Todo o poder às mulheres

Domitila Barros estimula independência e autoestima feminina na comunidade Linha do Tiro, zona norte de Recife, e entrega o poder às mulheres

A atriz e modelo brasileira Domitila Barros tem uma história marcada por ajuda a quem precisa e pela determinação de fazer mais por si mesma. Nascida e criada em uma comunidade da zona norte de Recife, a Linha do Tiro, ela já sabia que queria fazer a diferença desde cedo. Aos 13 anos, lia para as crianças assistidas pelo Centro de Atendimento a Meninos e Meninas (CAMM), projeto liderado por sua mãe, Roberta Barros, que existe há 35 anos.

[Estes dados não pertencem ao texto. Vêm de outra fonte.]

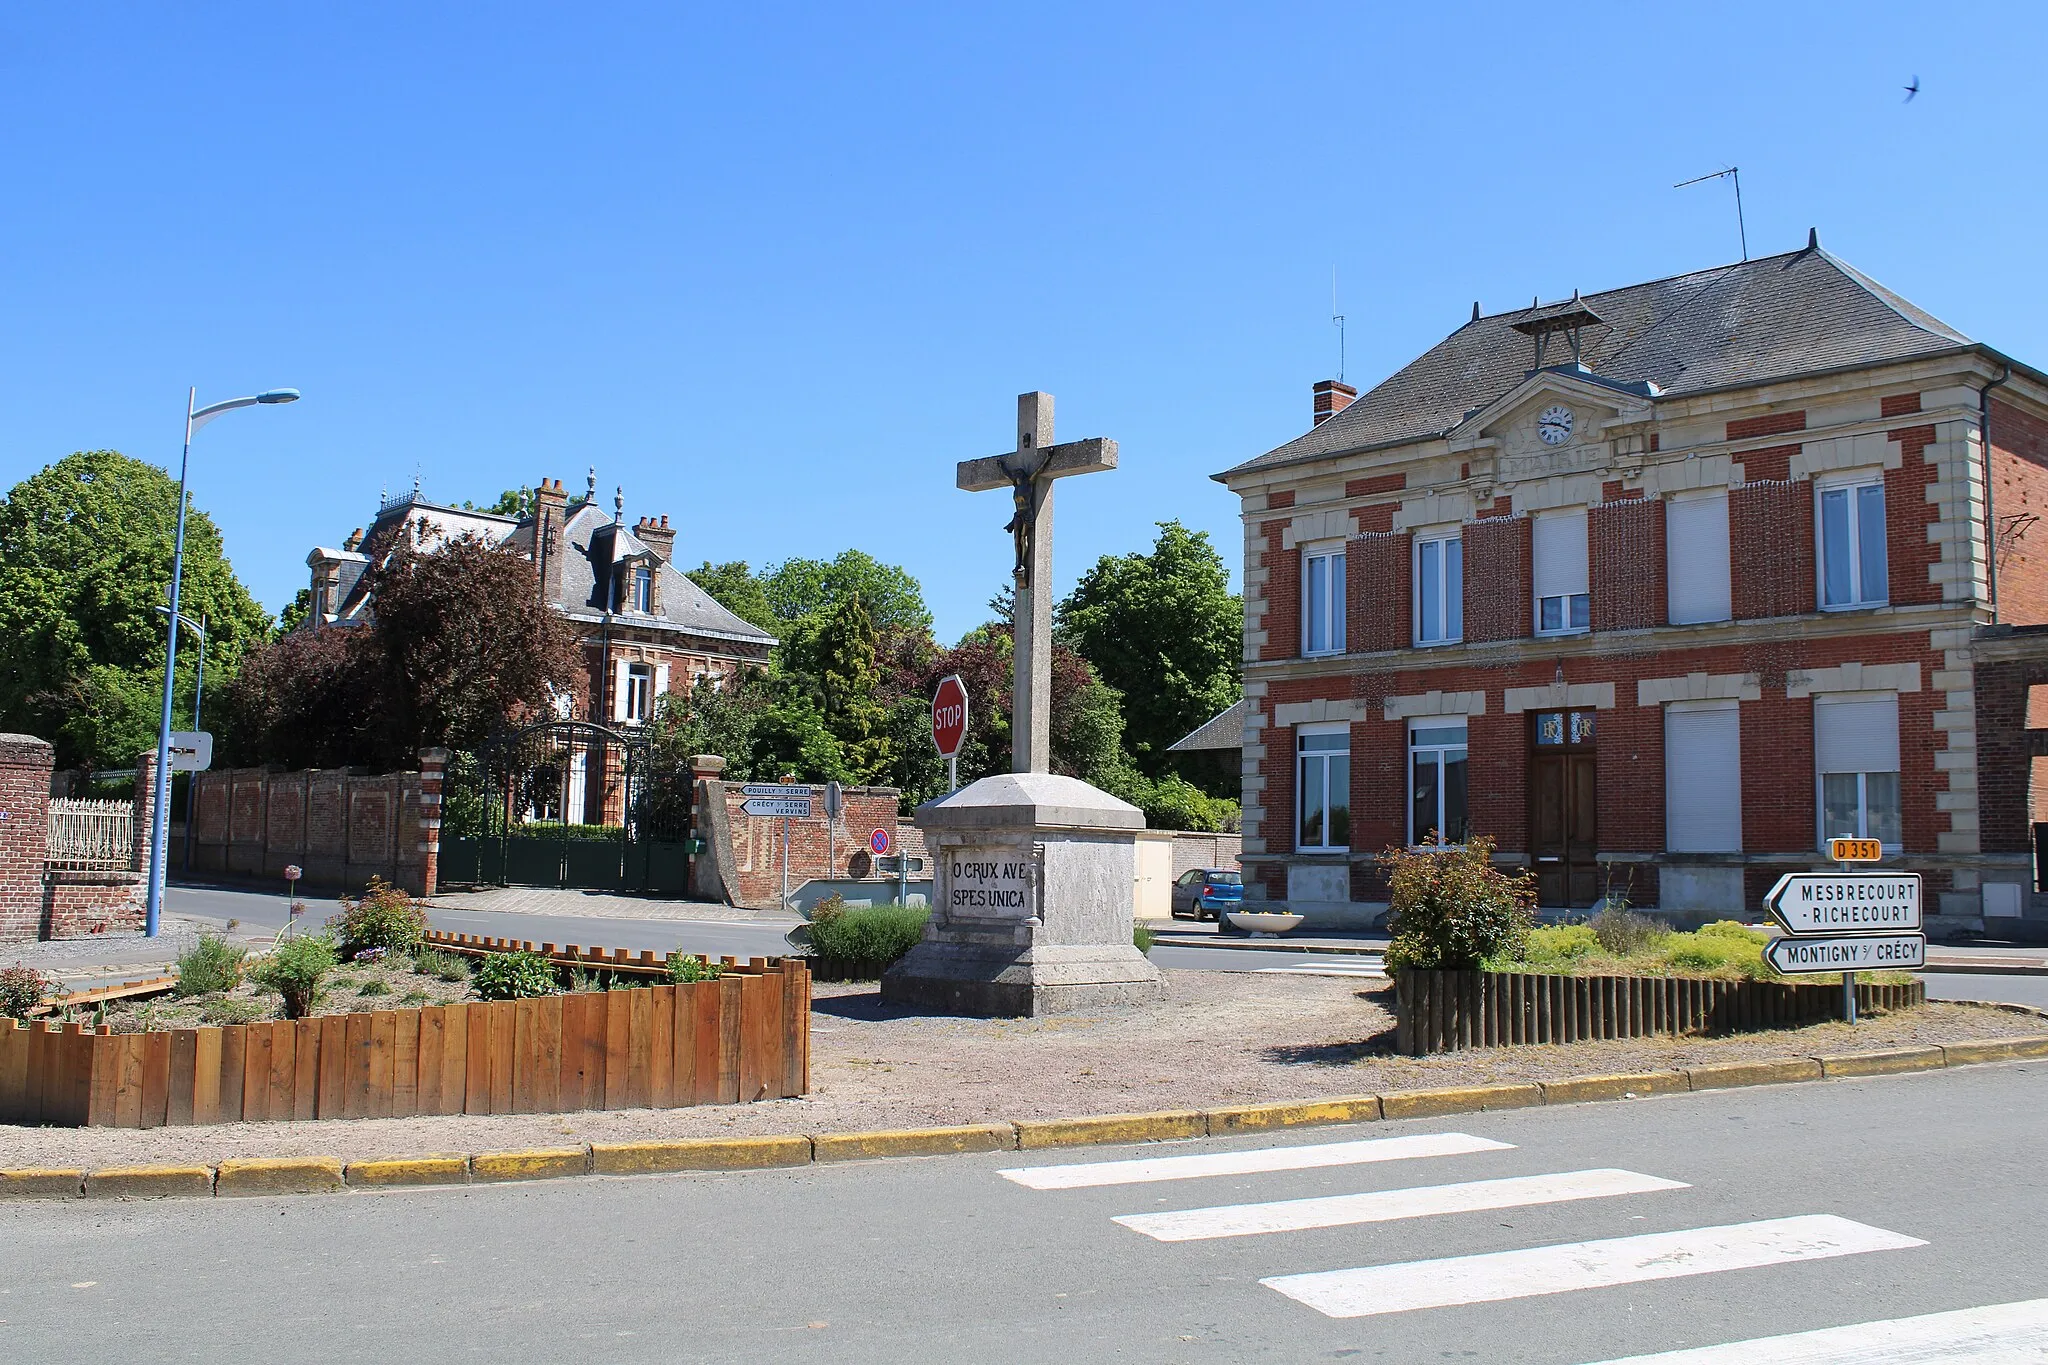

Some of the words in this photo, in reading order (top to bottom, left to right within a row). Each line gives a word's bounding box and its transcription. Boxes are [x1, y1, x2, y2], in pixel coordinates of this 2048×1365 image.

Com 21 anos, ela agarrou a oportunidade de estudar fora do país ao conseguir uma bolsa de acadêmica para cursar mestrado na área social na Alemanha. A sua intenção era retornar ao Brasil, mas ao ser descoberta por um produtor, começou a trabalhar como modelo e atriz. No entanto, ela nunca esqueceu de suas origens. Sendo assim, usou sua visibilidade em redes sociais e criou a grife She is From the Jungle, de biquínis e joias sustentáveis confeccionadas por mulheres do local em que passou sua infância e adolescência.

Confira alguns trechos da conversa que o Além da Beleza teve com ela sobre sororidade, empoderamento feminino e oportunidades.

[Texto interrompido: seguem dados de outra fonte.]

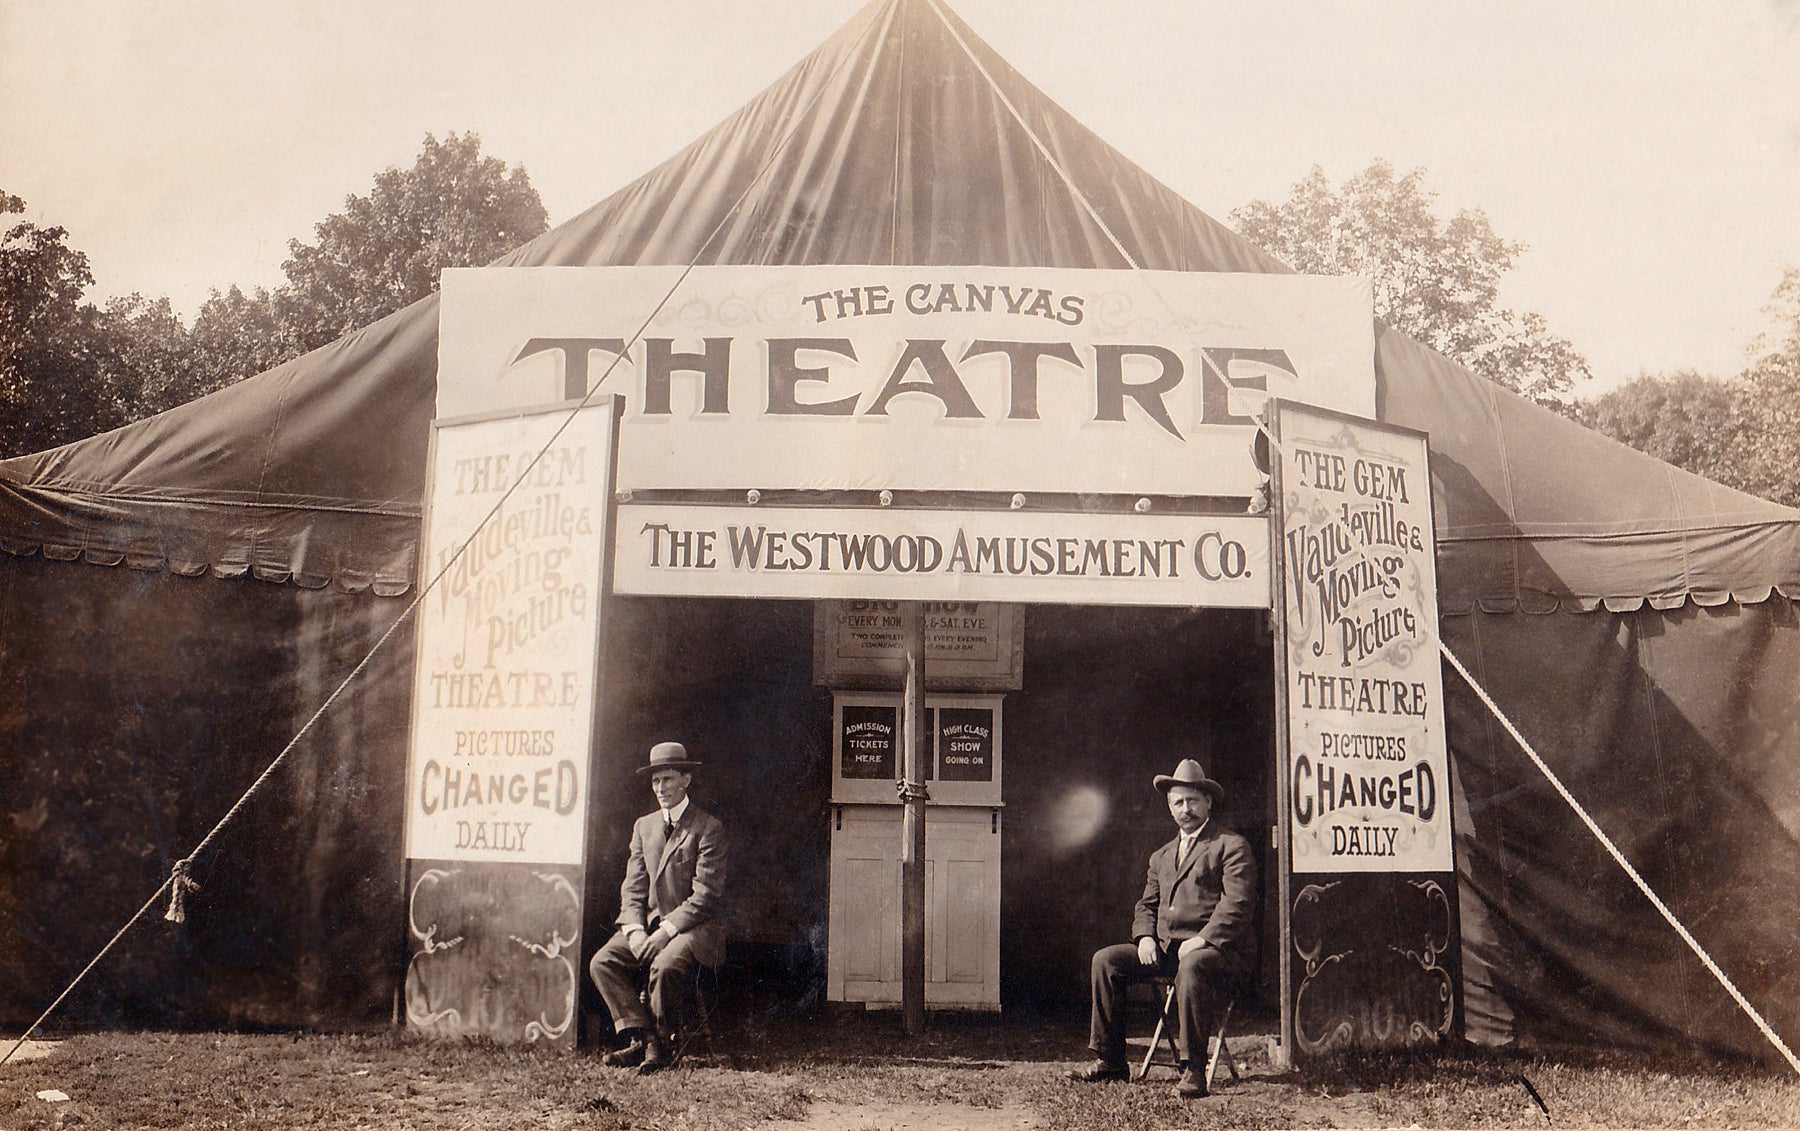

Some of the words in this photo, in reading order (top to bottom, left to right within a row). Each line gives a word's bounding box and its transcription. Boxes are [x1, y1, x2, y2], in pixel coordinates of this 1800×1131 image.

Além da BelezaDe onde veio a ideia de criar uma marca de biquínis e joias sustentáveis produzidas pelas mulheres da comunidade da Linha do Tiro?

Domitila Barros – Resolvi juntar tudo o que que eu gosto, como a minha realidade social no Brasil, ajudar as pessoas e moda. Começamos com dez peças de biquíni e conseguimos vender em um dia pelas redes sociais. A partir daí, fomos desempenhando os outros aspectos. Adicionamos a questão das biojoias veganas porque o verão europeu é muito curto e percebi que só a questão da moda praia nos limita muito.

AB – Quantas mulheres trabalham produzindo as peças?

DB – Hoje em dia, são doze mulheres. Elas trabalham onde, quando e como querem. Eu dou todo o material para poder fazer o produto. Elas é quem dizem o tempo que precisam e quanto irá custar para fazer um biquíni. Algumas costuram, outras fazem crochê ou macramê. Jovens que estão cursando enfermagem, por exemplo, financiam o curso inteiro com a produção de biojoias ou de peças de biquíni.

AB – Qual é o sentimento de desfilar as peças na Semana de Moda de Berlim?

DB – É de gratidão e de ter o trabalho reconhecido. Faz um ano e meio que a marca existe. Seria muito mais barato produzir na China, mas tem a questão do amor envolvido por trás e ver que nossa união está sendo reconhecida na terceira maior semana de moda europeia não tem preço. O nosso sonho seria, também, trabalhar em lojas multimarcas no Brasil para vender os nossos produtos.

AB – O que mais as mulheres podem fazer por elas mesmas?

DB – Se você tem um sonho ou ideia, por mais distante que esteja, eu acredito que você precisa investir. É muito importante para fazer o sonho se realizar, principalmente enquanto mulher que, às vezes, precisa se impor um pouco mais do que o homem.

Primeiramente, você tem que fazer uma coisa que você goste porque vai demorar até o sucesso acontecer. Eu ainda tenho que trabalhar como modelo e atriz, por hora, para investir na marca. Mas eu sei que vai dar certo. Você tem que estar disposta a trabalhar porque é muito trabalho quando se é empreendedor.

AB – Em sua opinião, qual é o impacto de uma oportunidade?

DB – Uma oportunidade pode mudar a vida das pessoas. Eu me criei com crianças em situação de risco. Eu percebi que também queria ajudar, fazer alguma coisa. Quando você vive numa comunidade, você tem a chance de ajudar e tem muitas pessoas precisando. É quase impossível fechar os olhos.

AB – No momento em que vivemos, a sororidade está cada vez mais em evidência. Como você avalia empreendimentos administrados por mulheres que empregam outras mulheres?

DB – Primeiro, vem a questão da integração financeira. Em seguida, a autoestima e elas verem que as pessoas estão vestindo os produtos delas. Aumenta, até mesmo, o tino empreendedor porque nenhuma delas tem exclusividade comigo. Eu até incentivo elas a trabalhar para outras pessoas ou para elas mesmas, produzindo peças que elas queiram e gostem para vender em outros tipos de mercado. Isso muda a vida delas e da comunidade em que estão inseridas.

Inspire-se na história da Domitila, corra atrás de seus sonhos, batalhe para colocá-los em prática e faça mais por você mesma.